GMRD sustains 45 FPS, almost twice the speed of SD-GCN (18 FPS) and 1.7× faster than YOLOv8-s (26 FPS), despite delivering a much higher mAP (Section 4.3). The gain stems from two factors: (i) our backbone (EffViM-T1 + DefMamba) requires only 12 GFLOPs— 1 8 of YOLOv8-s; (ii) the GG-SSM graph layer scales linearly with M 35 nodes, whereas SD-GCN’s GAT is quadratic in pixel-level super-nodes.
  • Latency and power.
End-to-end latency is reduced to 22 ms, well below the 33 ms budget for 30 FPS video, and the power draw drops from 9.7 W (YOLOv8-s) to 7.2 W. The single-pass state-space kernels produced by DefMamba contribute less than 1 ms, confirming that our model remains compute-bound rather than memory-bound.
  • Memory footprint and compatibility.
GMRD occupies 350 MB of device memory, leaving 0.7 GB headroom for input buffers and post-processing. Larger Transformers such as Mask2Former-SwinB cannot be compiled at INT8 precision within the 4 GB limit (marked “—” in the table), further highlighting the practicality of our design.

4.7. Qualitative and Robustness Analysis

  • Visual comparison in challenging scenes.
Figure 5 juxtaposes the predictions of the GMRD with three strong baselines under two extreme conditions. In the shadow scenario (top row), both YOLOv8-s and SD-GCN fire multiple false positives along the high-contrast shadow edge, whereas our model almost perfectly suppresses these artefacts and preserves the longitudinal crack. In the water-puddle scenario (bottom row), reflections mislead all competing detectors into hallucinating damage on the specular surface; only the GMRD successfully localizes the submerged crack thanks to its graph-guided spatial reasoning.
  • Attention-map inspection.
To better understand the remaining failure modes, Figure 6 overlays the model’s final-layer attention on three difficult samples. In the presence of a large water reflection, specular highlights attract excessive attention, triggering false alarms along the reflection boundary. Under back-lighting, saturated pixels at the vanishing point dominate the heatmap and suppress true crack cues.

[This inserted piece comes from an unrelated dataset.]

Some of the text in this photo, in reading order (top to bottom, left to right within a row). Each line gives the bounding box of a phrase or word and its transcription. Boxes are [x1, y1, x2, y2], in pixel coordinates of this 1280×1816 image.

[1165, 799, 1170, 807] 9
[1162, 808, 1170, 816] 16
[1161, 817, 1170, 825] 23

Finally, in the construction scene, the model focuses on a warning sign whose polygonal silhouette resembles a pothole, leading to a spurious detection.
  • Failure-mode discussion.
The visual evidence suggests two dominant error sources: (i) high-frequency photometric cues—specularities, saturated glare—can outweigh geometric crack evidence and (ii) non-road objects with crack-like contours occasionally hijack the attention mechanism. Addressing these weaknesses will require (a) illumination-invariant features, such as polarized or multispectral inputs and (b) reflection-aware augmentation that explicitly simulates puddles during training. We leave these directions for future work.

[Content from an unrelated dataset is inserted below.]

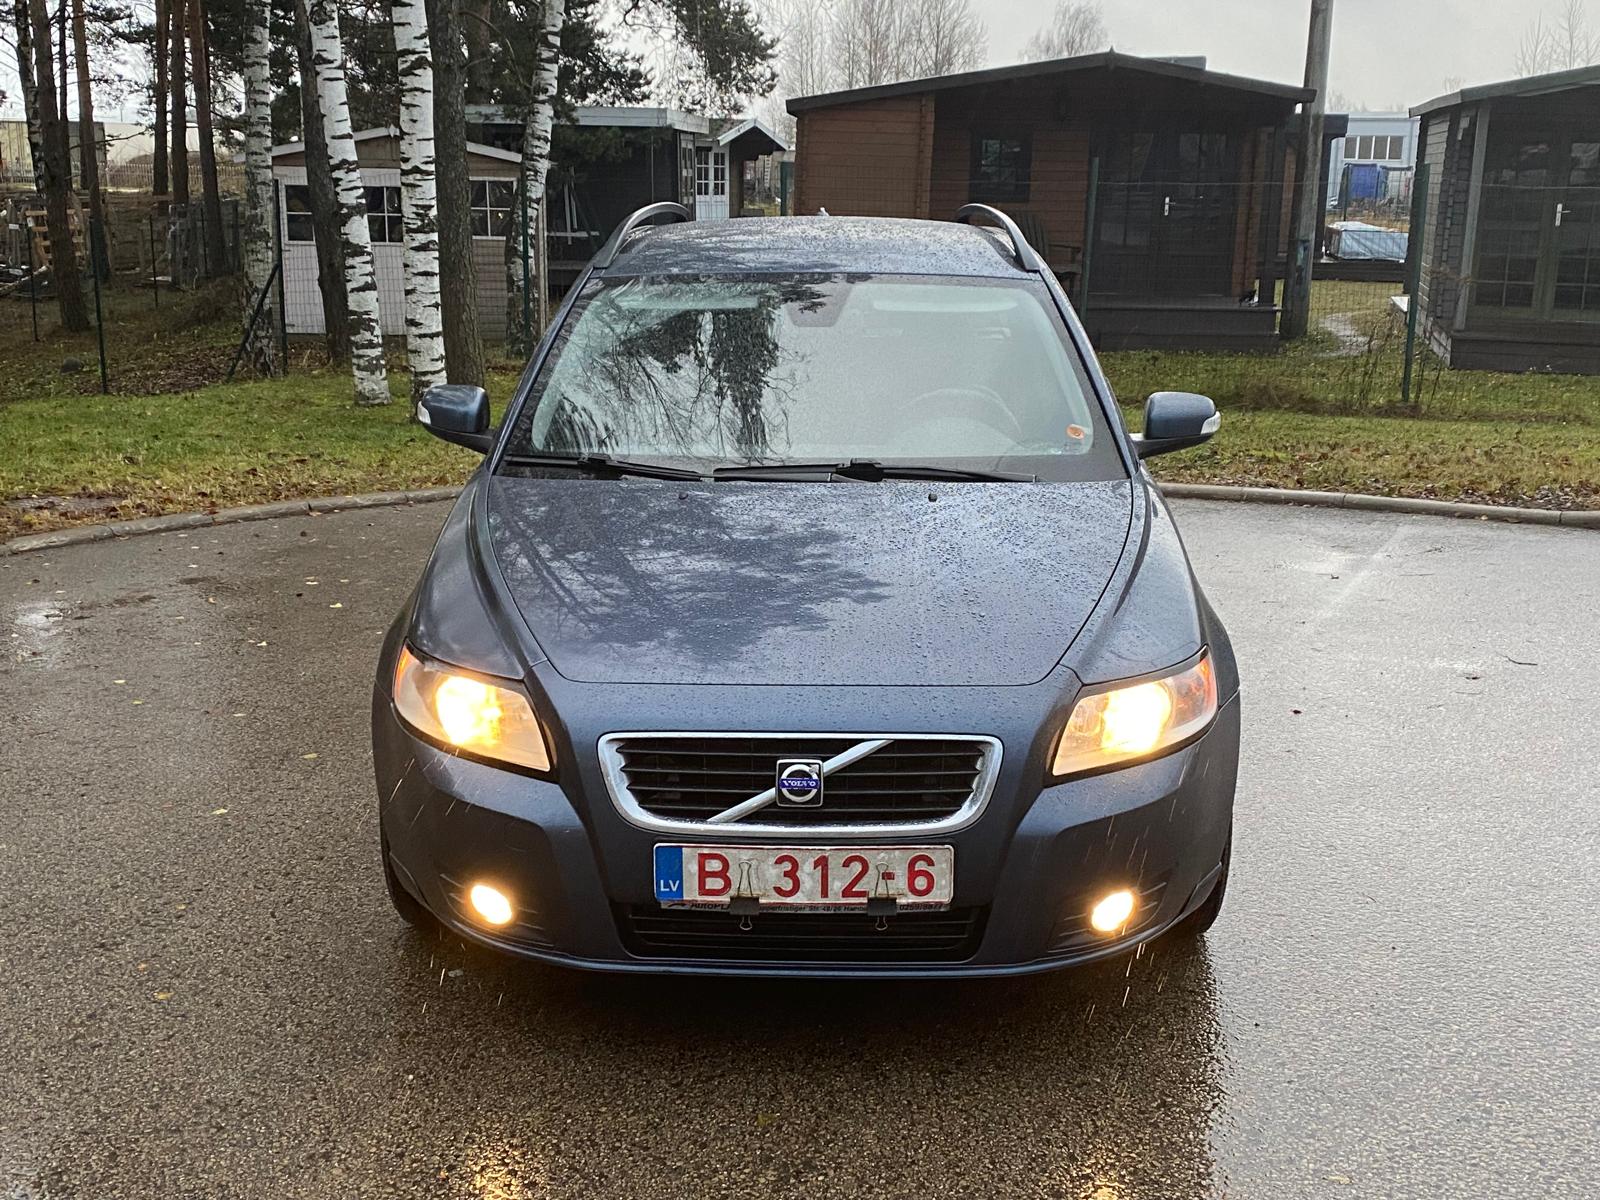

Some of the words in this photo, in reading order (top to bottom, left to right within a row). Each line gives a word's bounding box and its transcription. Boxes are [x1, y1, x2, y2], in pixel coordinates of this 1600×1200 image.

[660, 879, 680, 892] LV
[697, 852, 732, 897] B
[773, 853, 935, 898] 312-6

4.8. Hardware Runtime Comparison with Lightweight Models

To contextualize the efficiency of our proposed framework, we compare the GMRD with several representative lightweight detectors, including MobileNet-SSD [58], EfficientDet-D0 [59], YOLOv5-Nano, and our baseline EffViM-T1. All models are benchmarked on a Jetson Orin Nano (INT8) using TensorRT acceleration with input resolution 1024 × 1024 . The results in Table 6 demonstrate that the GMRD achieves favorable trade-offs between speed and accuracy, outperforming other lightweight models in both detection quality and runtime efficiency.
As shown in Table 6, the GMRD achieves competitive frame rate and latency with fewer parameters and FLOPs compared to existing models, making it highly suitable for edge deployment in real-world road infrastructure monitoring.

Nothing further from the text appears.